Similar to a resume, a curriculum vitae (CV) provides a summary of your experience and skills and includes your education, job, research and community service experience, membership and leadership roles in organizations, awards, publications and presentations. Where as resumes are recommended at one page, CVs are typically longer – at least two to three pages.
It takes an employer only 5 seconds to form an impression about your CV, so make those seconds count. Use the guidelines below to draft your CV. Need more help? Download this sample.
Tips for writing a good CV:
- Use bullet points. A CV should be a quick snapshot of your history of work and education. Keep it concise.
- Put the most important information first. You’ll want to list your work and education experience in chronological order. Make your path from student to dentist very clear and intentional by organizing your CV in the way you want it read. But for sections such as skills or organizations you’re active in, list the most important ones first.
- Remove older work experiences, like the summer job you held when you were 17. Unless it has to do with dentistry, leave it out.

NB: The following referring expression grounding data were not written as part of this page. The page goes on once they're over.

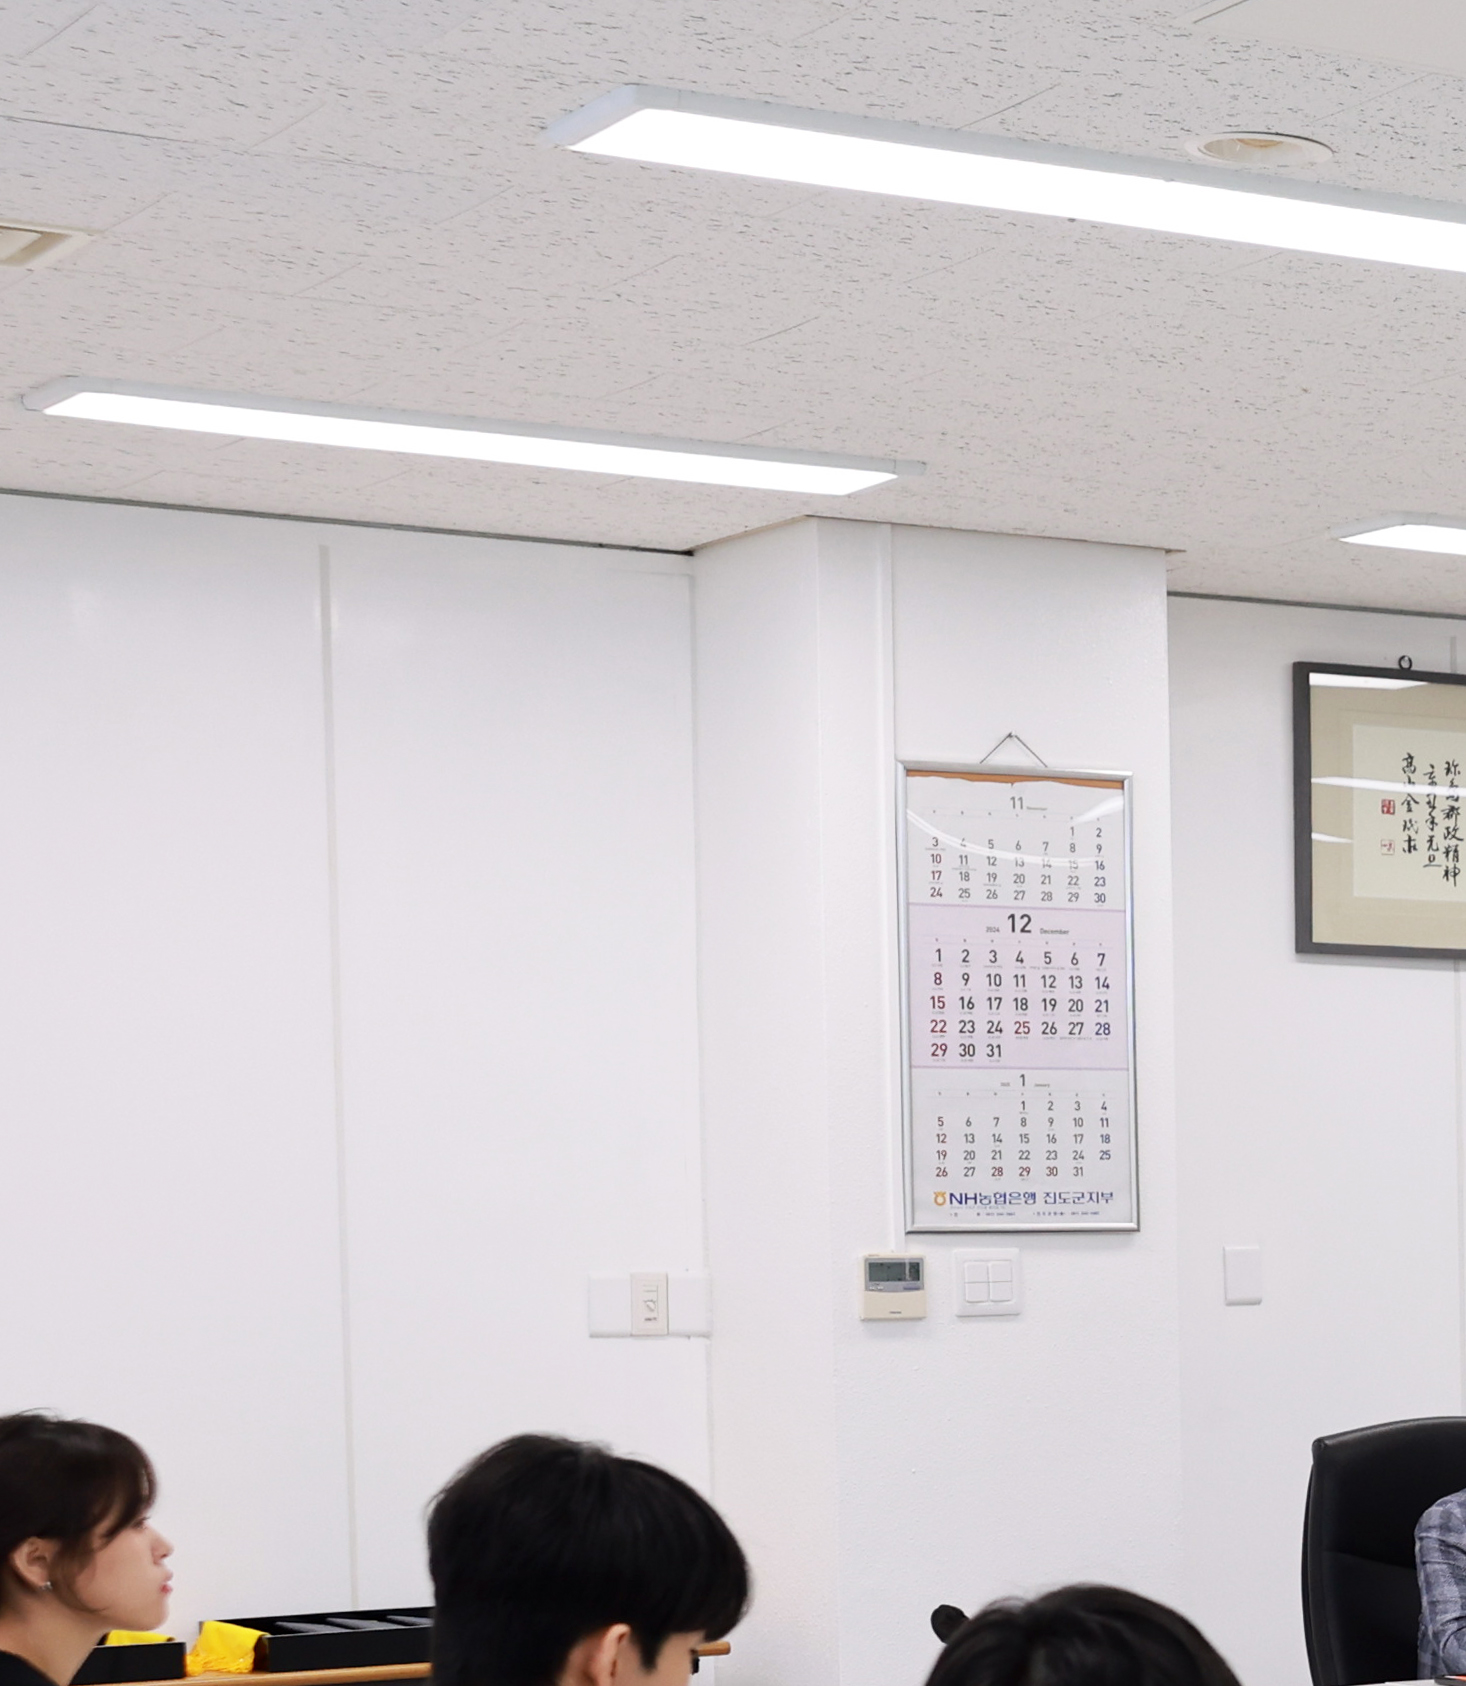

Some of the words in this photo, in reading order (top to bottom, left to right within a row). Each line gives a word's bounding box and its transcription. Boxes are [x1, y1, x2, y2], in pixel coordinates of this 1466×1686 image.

[1007, 913, 1032, 934] 12
[1040, 927, 1070, 936] December
[936, 949, 941, 962] 1
[962, 949, 969, 963] 2
[990, 950, 997, 963] 3
[1016, 951, 1023, 963] 4
[1044, 952, 1051, 964] 5
[1071, 953, 1078, 965] 6
[1098, 953, 1105, 966] 7
[934, 972, 942, 985] 8
[962, 973, 969, 986] 9
[987, 974, 1001, 987] 10
[1014, 974, 1025, 987] 11
[1041, 975, 1056, 988] 12
[1069, 976, 1082, 989] 13
[1096, 977, 1109, 989] 14
[930, 996, 945, 1009] 15
[960, 997, 974, 1010] 16
[987, 997, 1002, 1010] 17
[1013, 998, 1028, 1011] 18
[1042, 998, 1056, 1011] 19
[1069, 999, 1083, 1012] 20
[1095, 999, 1108, 1012] 21
[931, 1020, 946, 1033] 22
[959, 1020, 975, 1033] 23
[987, 1021, 1002, 1033] 24
[1015, 1021, 1030, 1034] 25
[1042, 1022, 1057, 1035] 26
[1069, 1022, 1083, 1035] 27
[1095, 1023, 1110, 1035] 28
[932, 1043, 947, 1056] 29
[960, 1043, 975, 1057] 30
[987, 1044, 1001, 1057] 31
[1018, 1073, 1027, 1087] 1
[1022, 1101, 1025, 1110] 1
[1048, 1101, 1053, 1110] 2
[1075, 1101, 1080, 1111] 3
[1102, 1102, 1107, 1110] 4
[938, 1117, 943, 1126] 5
[966, 1117, 971, 1127] 6
[994, 1117, 999, 1126] 7
[1021, 1117, 1026, 1127] 8
[1048, 1118, 1054, 1126] 9
[1073, 1117, 1083, 1127] 10
[1100, 1118, 1108, 1127] 11
[949, 1192, 1037, 1206] NH농협은행
[1042, 1191, 1114, 1206] 진도군지부

- Use white space to break up heavy areas of text to make it easier to read and more visually pleasing.
- Use easy-to-read fonts (like the one in the sample, Calibri).

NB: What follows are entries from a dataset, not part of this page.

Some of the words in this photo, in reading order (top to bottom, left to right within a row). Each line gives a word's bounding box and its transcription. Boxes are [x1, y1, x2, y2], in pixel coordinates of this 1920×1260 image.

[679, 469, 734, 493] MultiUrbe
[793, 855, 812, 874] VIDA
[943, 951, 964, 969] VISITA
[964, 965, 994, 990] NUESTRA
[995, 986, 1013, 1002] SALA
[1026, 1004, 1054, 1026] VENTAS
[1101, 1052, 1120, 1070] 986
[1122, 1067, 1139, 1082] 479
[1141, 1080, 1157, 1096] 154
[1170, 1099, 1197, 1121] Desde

- Use numbers to back up your achievements. If you were fundraising chair, total the amount raised while you held the position. This puts your achievement into perspective.
- No hobbies. Unless you are 100 percent sure that a hobby will support your candidacy, leave it off. Hobbies may come up in an interview, but don’t waste precious page space in your CV talking about your kickball team.
- No jargon or slang.
- Keep your CV to 2-3 pages.
- Never lie on your resume. Be sure to double-check your facts and dates.
Don’t forget to include …
- Any shadowing experience you’ve done while in school.
- Publications you’ve contributed to such as Contour or your chapter newsletter.
- Positions you’ve held in your ASDA chapter or at a national level. Also include what you did in that position (raised $10,000 as fundraising chair, etc.).
- Professional associations you belong to (remember that all ASDA predoctoral members are also members of the ADA).
- Awards and recognition (such as a Gold Crown Award).
- Speaking and presentation experience.
- Outreach trips and volunteer work.